BEGIN Material to process

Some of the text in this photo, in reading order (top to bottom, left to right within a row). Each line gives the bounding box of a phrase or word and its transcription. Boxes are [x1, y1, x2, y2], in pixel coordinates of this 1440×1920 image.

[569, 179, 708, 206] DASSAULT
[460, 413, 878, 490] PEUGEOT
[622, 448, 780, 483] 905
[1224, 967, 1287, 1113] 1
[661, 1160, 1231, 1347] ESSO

END Material to process

● **Task to carry out**
Line by line, set the records above down again exactly.

● **Problem solution**
Some of the text in this photo, in reading order (top to bottom, left to right within a row). Each line gives the bounding box of a phrase or word and its transcription. Boxes are [x1, y1, x2, y2], in pixel coordinates of this 1440×1920 image.

[569, 179, 708, 206] DASSAULT
[460, 413, 878, 490] PEUGEOT
[622, 448, 780, 483] 905
[1224, 967, 1287, 1113] 1
[661, 1160, 1231, 1347] ESSO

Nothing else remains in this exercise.